Blu-ray Players Arrive Page 2

Sony PlayStation 3
The vaunted PlayStation 3 does just about everything you'd want in a consumer electronics product. It plays all discs (except HD DVDs), stores media, plays games, lets you surf the Web, eats babies, looks cool, and invites both envy and ridicule equally.

Its image quality seems to be roughly the same as the Pioneer's, and navigating via the regular controller wasn't too obnoxious once I got used to it. (A real remote is also available.) It switches between tracks the fastest of this bunch, and, along with the Pioneer, it's the only one that lets you advance and rewind frame by frame. (The others can only go forward per frame.) If it's already on, a disc will start nearly instantaneously. If you insert a disc with the unit off, it takes about 25 seconds to start the movie. The Samsung takes almost twice that time. This thing's computing power is really impressive.

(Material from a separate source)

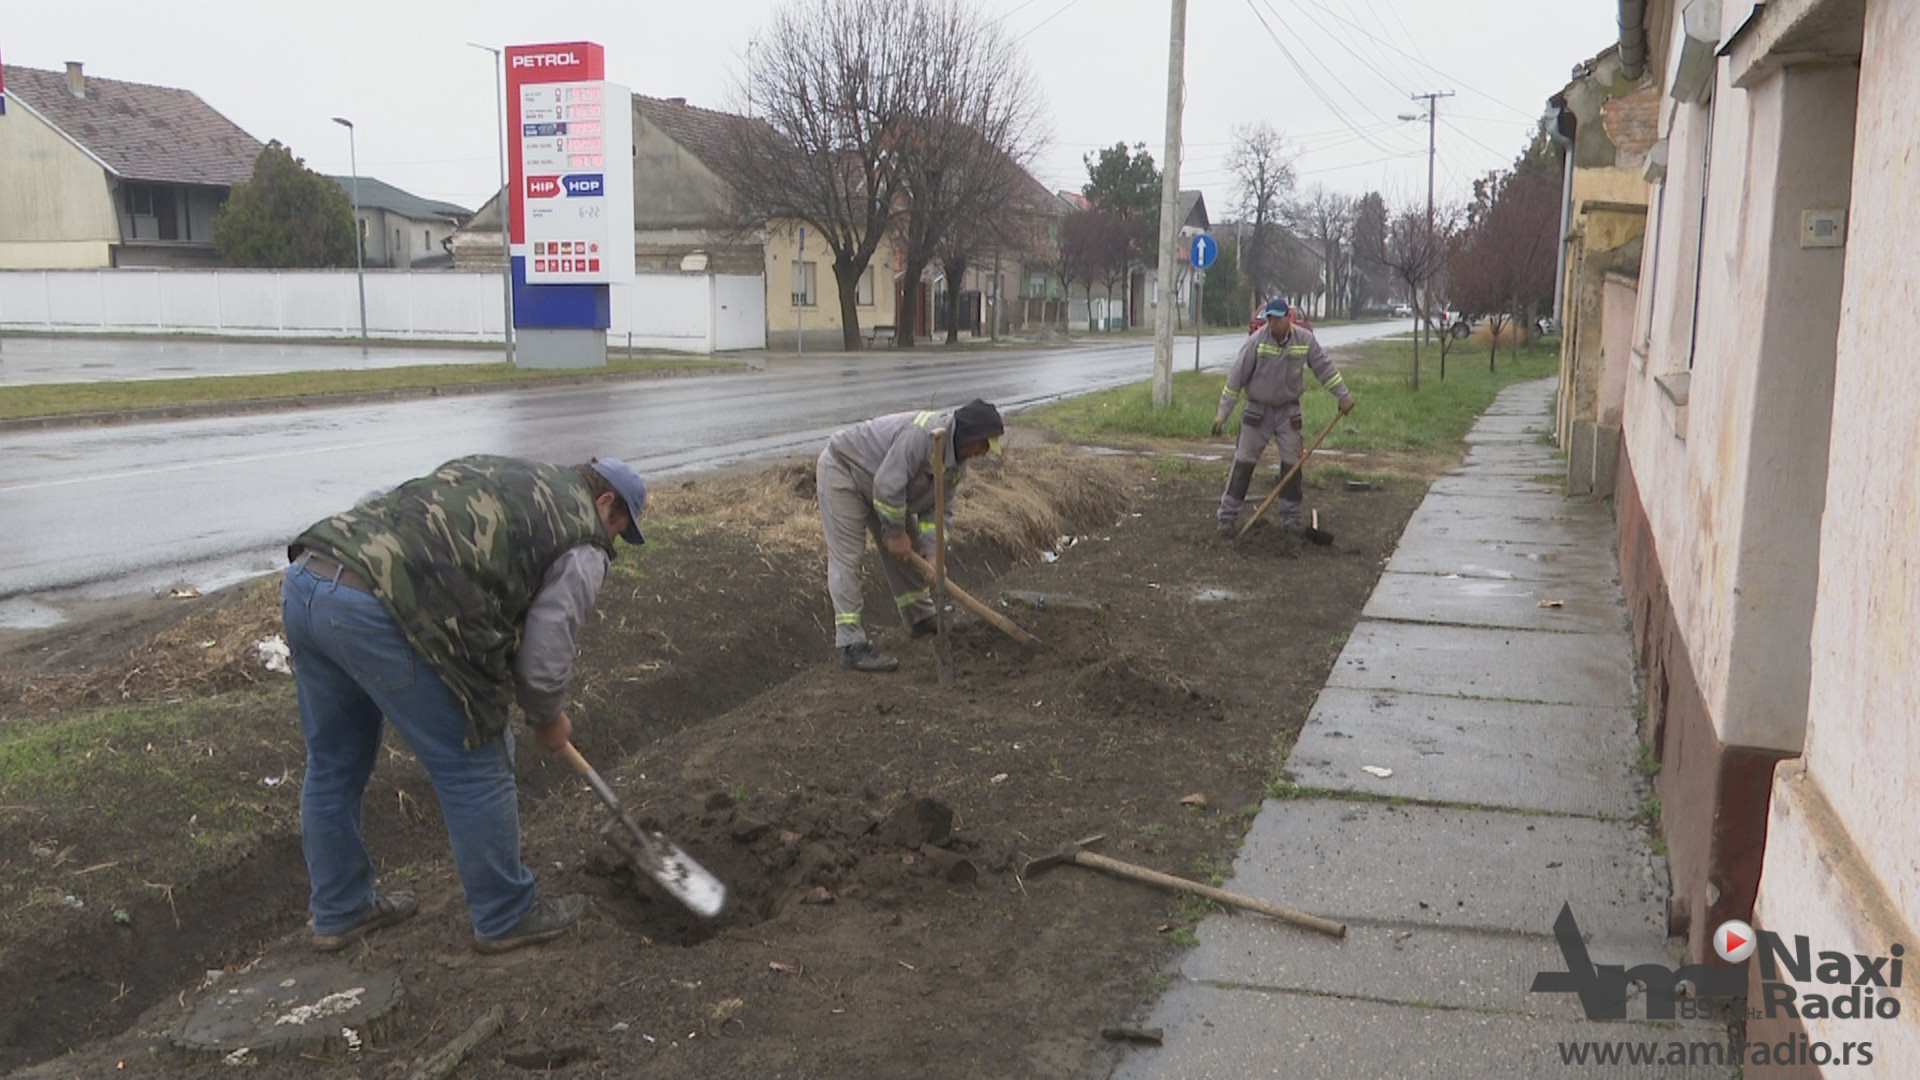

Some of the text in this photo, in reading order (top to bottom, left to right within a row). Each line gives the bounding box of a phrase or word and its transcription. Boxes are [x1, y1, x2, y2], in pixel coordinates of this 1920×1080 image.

[512, 52, 580, 69] PETROL
[530, 181, 600, 193] HIP HOP

Despite the fact that the PS3 has the computing power of a last-generation supercomputer, it can't (or should I say, doesn't) upconvert DVDs. Perhaps this is something Sony will add in the future, as the power is certainly there.

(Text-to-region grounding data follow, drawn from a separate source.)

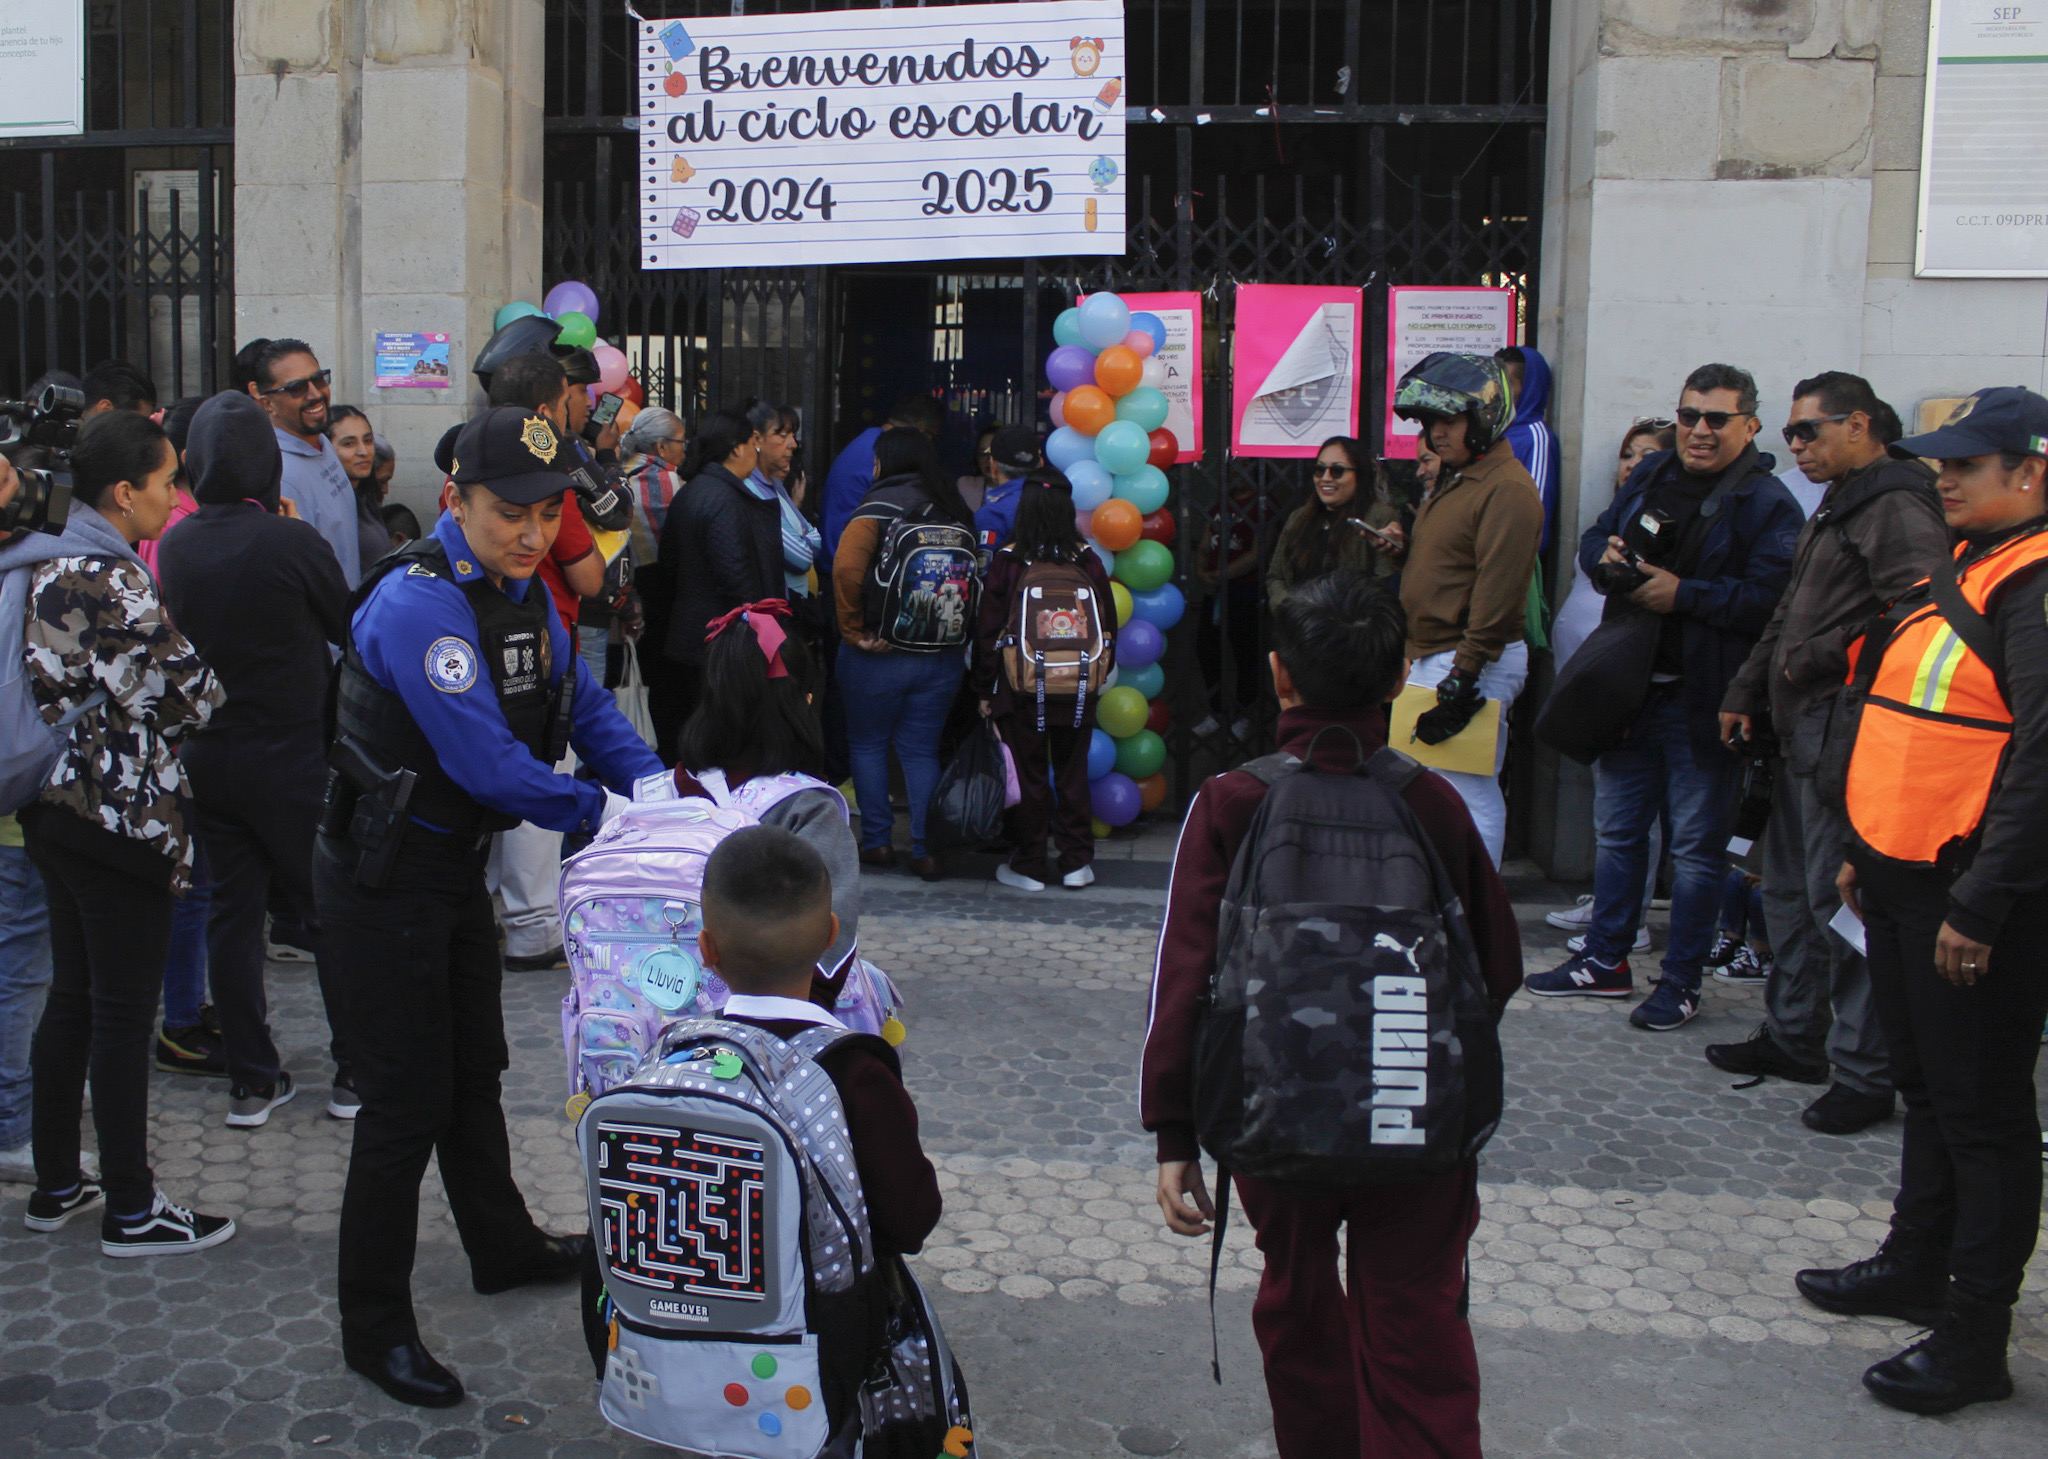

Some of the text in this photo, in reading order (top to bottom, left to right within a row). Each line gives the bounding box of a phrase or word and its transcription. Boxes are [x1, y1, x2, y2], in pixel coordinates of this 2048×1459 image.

[1993, 7, 2021, 20] SEP
[699, 38, 1049, 93] Bienvenidos
[666, 92, 1103, 143] al ciclo escolar
[706, 167, 1053, 222] 2024 2025
[1956, 215, 1992, 226] C.C.T.
[594, 493, 617, 513] PUMA
[1569, 967, 1596, 987] N
[1370, 975, 1428, 1145] PUMA
[650, 1299, 708, 1316] GAME OVER

At $500 for the base version, how is this not the only Blu-ray player anyone should look at? Well, this is certainly the kind of sentiment I've been getting a lot of angry letters about. There is one very important aspect that these people seem to overlook—the sound. Your only analog choice is stereo; optical will only do Dolby Digital or

DTS. This is Home Theater magazine, after all, and sound is at least 50 percent of the experience. I can't recommend something that won't give most people the benefit of the new high-resolution audio formats on these discs. (For more on the new HD audio formats, see our Hook Me Up on page 34.) Like the other players, it will output uncompressed PCM to the few (but growing number of) devices on the market that will accept that. But, without multichannel analog outputs, most people will have to miss the high-resolution audio completely, and that I can't advocate. As more equipment becomes available that can accept uncompressed PCM over HDMI, I'll probably recommend the PS3 unreservedly (as long as you upgrade your receiver, too).

Pick Me! Pick Me!
The Pioneer's ability to output 1080p/24 makes a strong case for this player. That said, it's at least 50 percent more expensive than the others here. The PlayStation 3, despite its delays, is still ahead of its time. Its lack of analog multichannel outputs is a limiting factor in my book but apparently not to some others.

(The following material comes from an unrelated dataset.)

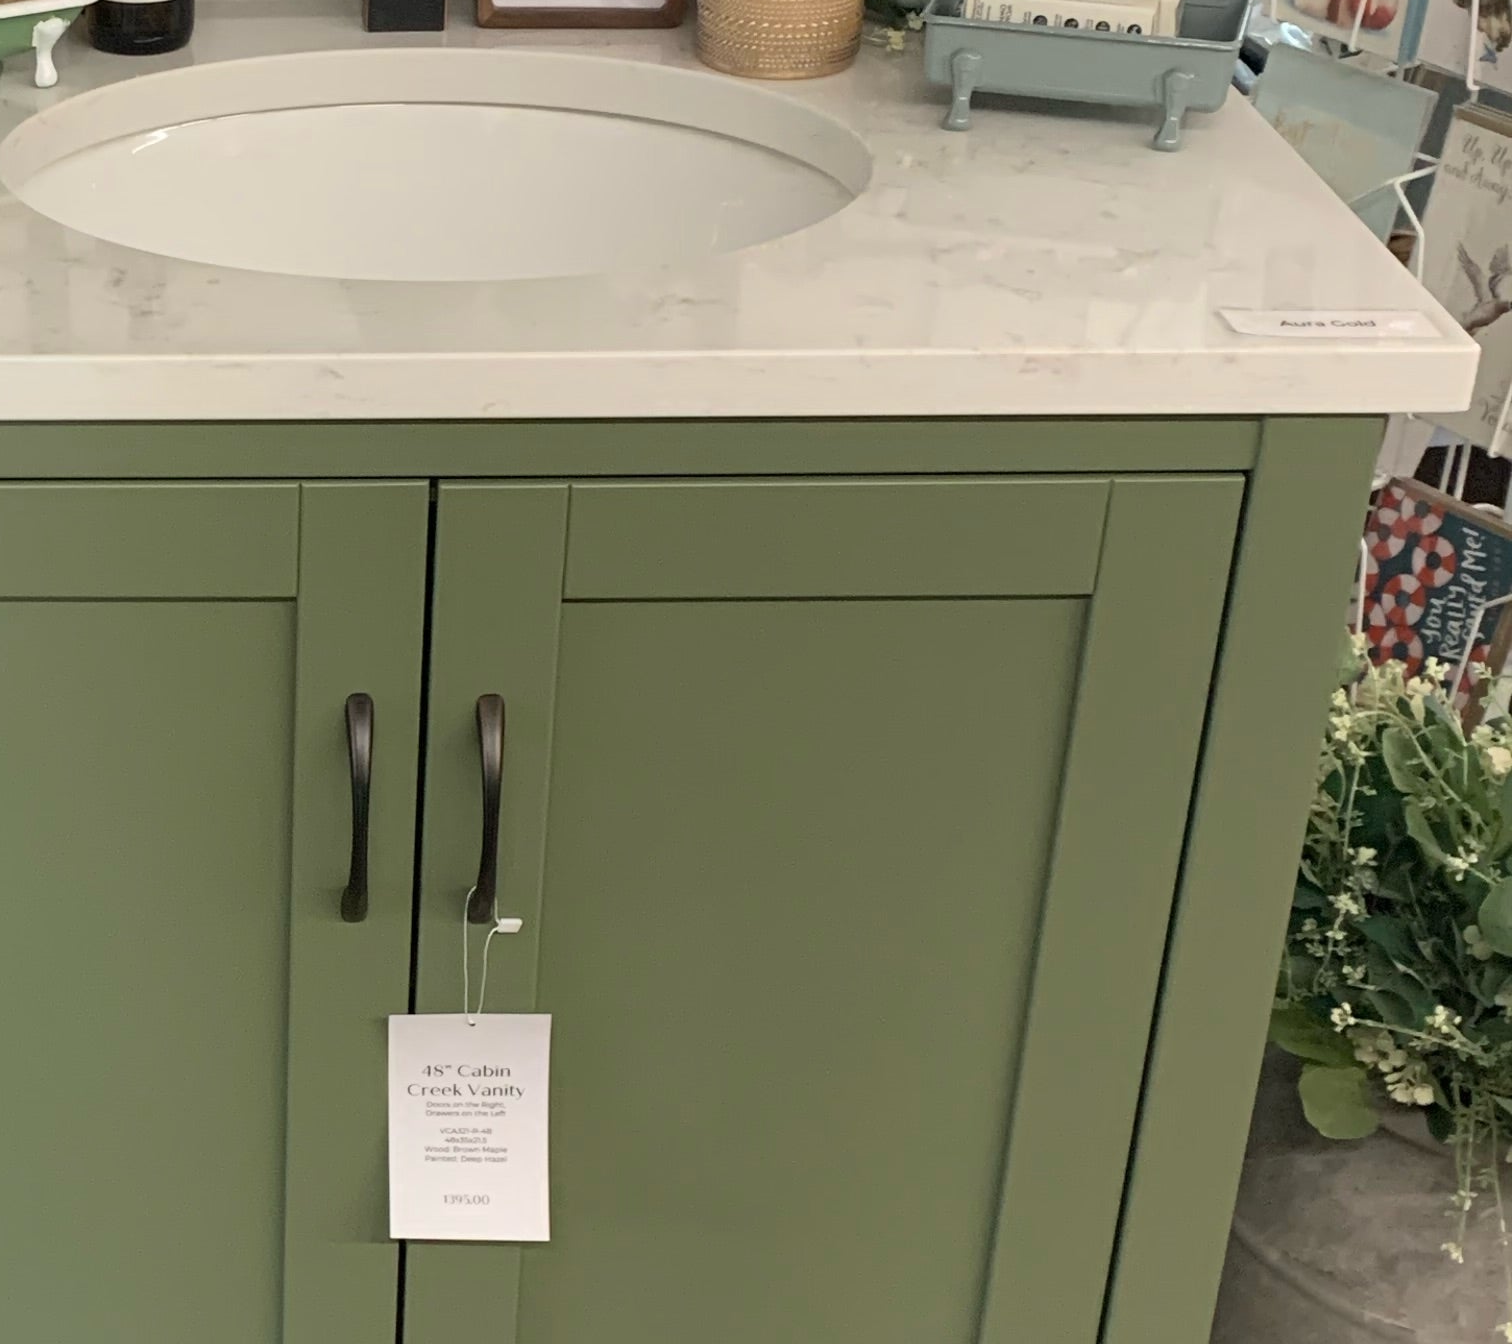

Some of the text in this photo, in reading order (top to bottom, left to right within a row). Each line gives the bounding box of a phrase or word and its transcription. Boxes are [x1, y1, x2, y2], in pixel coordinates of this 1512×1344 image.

[457, 1064, 511, 1077] Cabin
[407, 1083, 527, 1100] Creek Vanity

So, I guess it breaks down like this: If your TV doesn't accept 1080p/24 and you don't plan to upgrade to one that does, get the Samsung or the Philips. If your display does, get the Pioneer. If you have a receiver that can read the uncompressed PCM over HDMI, get the PS3. If you don't have such a receiver—and you don't care about audio—get the PS3. If you don't care about video, get a VCR.

There are two other BD players on the market that we couldn't get in time for this article, a Panasonic and a Sony. The latter also outputs 1080p/24 and is a little cheaper than the Pioneer. The Panasonic doesn't output 1080p/24, but it apparently isn't a Samsung clone, so it's more of a question mark. We'll check them out as soon as we can.